Final answer:
From the given voltage ratio and flux, we can find the number of primary and secondary turns in a single-phase transformer.
Step-by-step explanation:
The primary/secondary voltage ratio in a transformer is determined by the ratio of the number of turns in the primary coil to the number of turns in the secondary coil. In this case, the desired voltage ratio is 6000/250V. Let's assume the number of turns in the primary coil is Np, and the number of turns in the secondary coil is Ns. Since the voltage ratio is given by the formula Ns/Np, we can rearrange the formula to find the number of turns:
Ns = Np * (Vs/Vp)
where Ns is the number of turns in the secondary coil, Np is the number of turns in the primary coil, Vs is the secondary voltage (250V), and Vp is the primary voltage (6000V).
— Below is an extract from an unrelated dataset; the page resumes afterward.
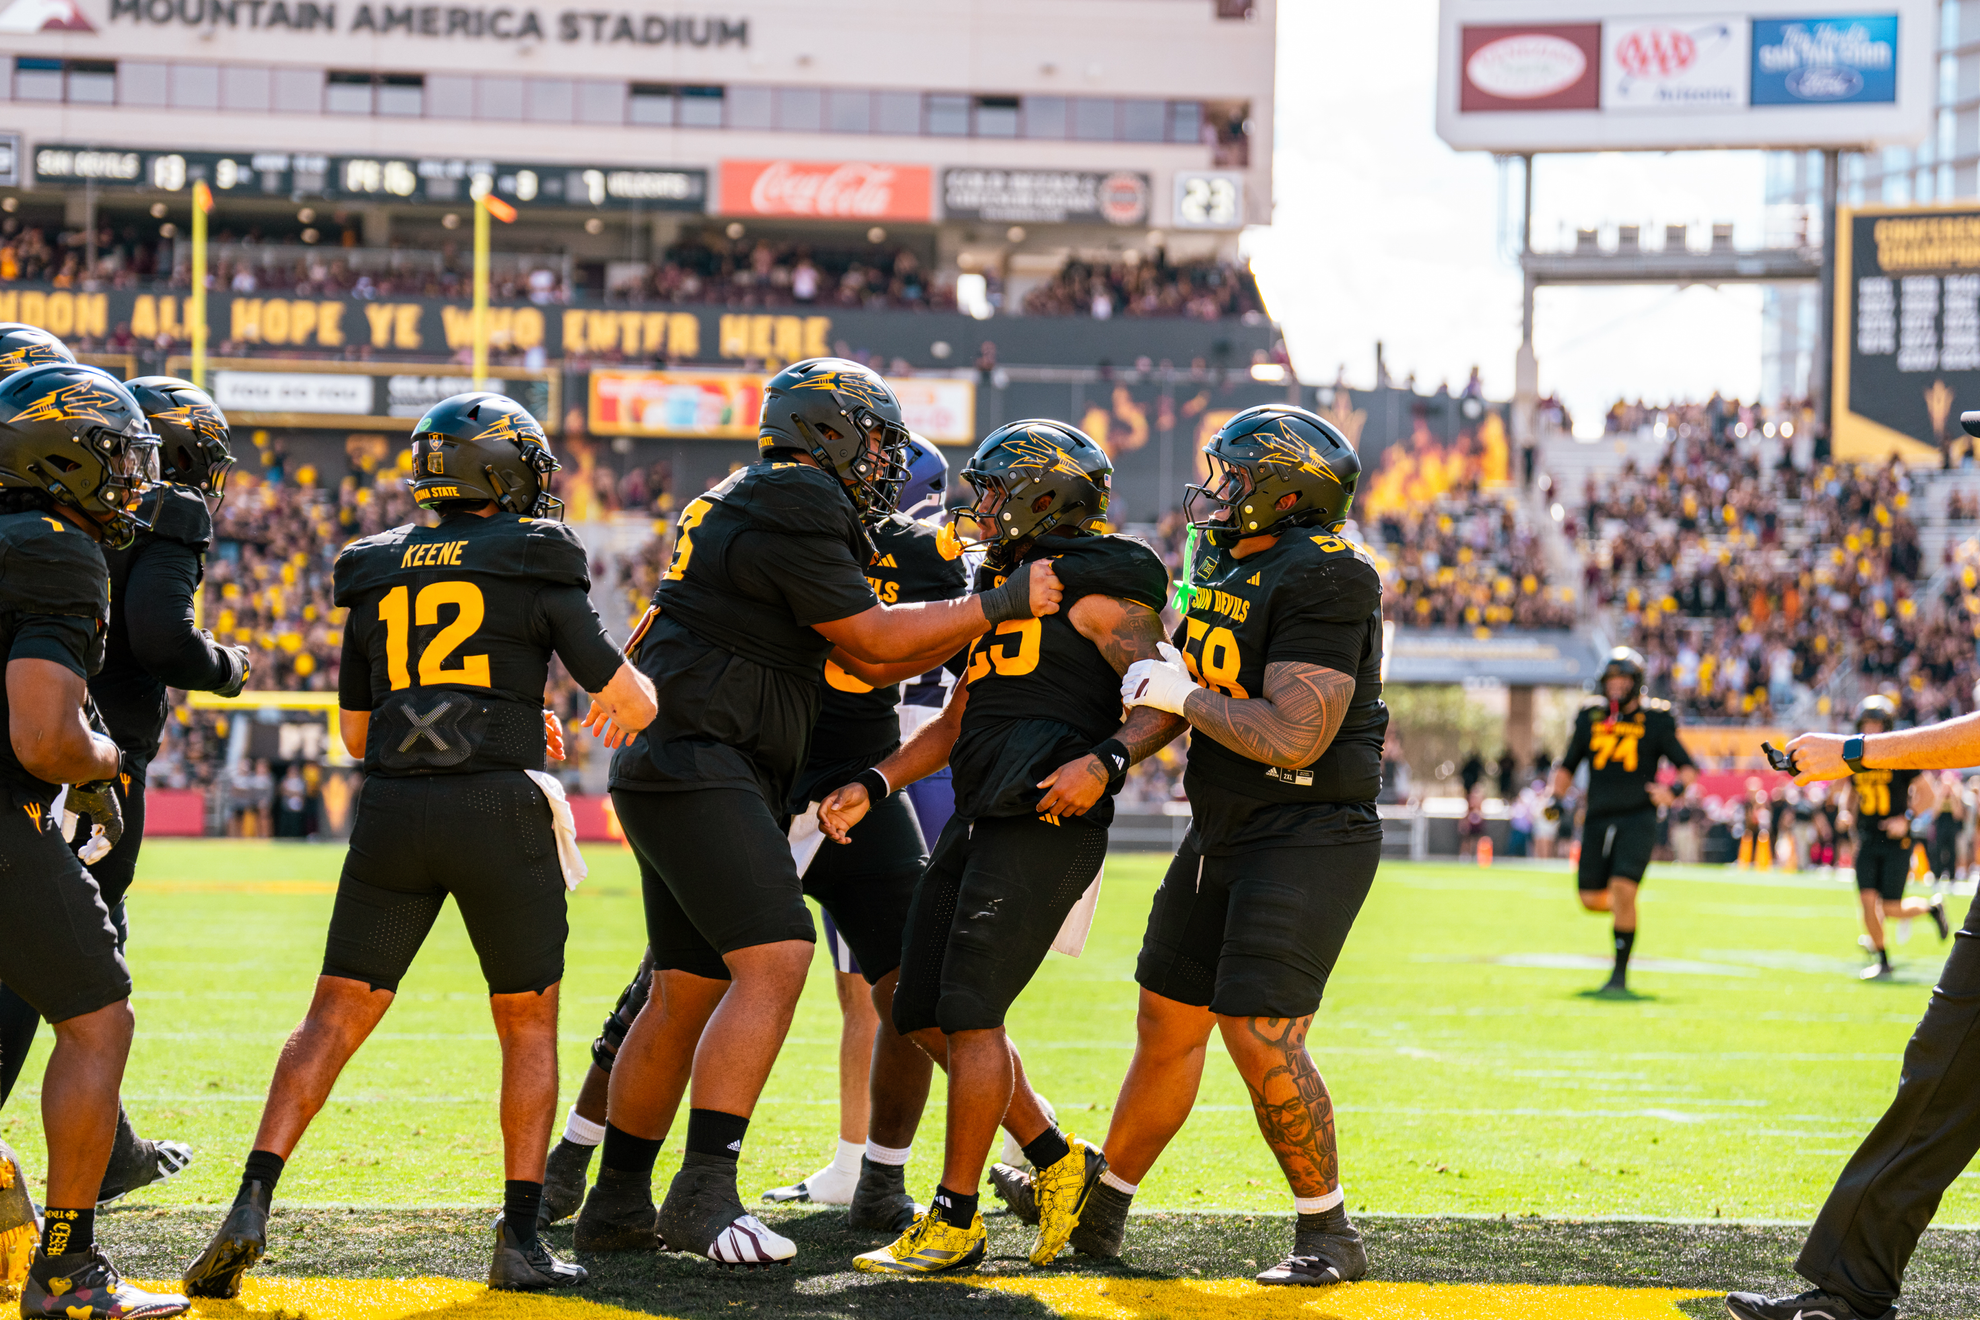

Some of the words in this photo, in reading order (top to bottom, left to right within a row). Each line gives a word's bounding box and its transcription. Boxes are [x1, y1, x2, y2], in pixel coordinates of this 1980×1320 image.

Plugging in the values, we have:
Ns = Np * (250/6000)
Given that the flux in the core is limited to 0.06 Weber, we can use Faraday's Law of electromagnetic induction to find the number of turns in the primary coil:
Vp = Np * dΦ/dt
where Vp is the primary voltage, Np is the number of turns in the primary coil, Φ is the magnetic flux, and dt is the time. Since the frequency is 50Hz, we can calculate the time as dt = 1/f = 1/50 = 0.02s.
Plugging in the values, we have 6000 = Np * (0.06/0.02).
Simplifying the equation, we find Np = 6000 * (0.02/0.06) = 2000 turns. Substituting this value into the equation Ns = Np * (250/6000), we find Ns = 2000 * (250/6000) = 83.33 turns.
Therefore, the number of primary turns is 2000 and the number of secondary turns is approximately 83.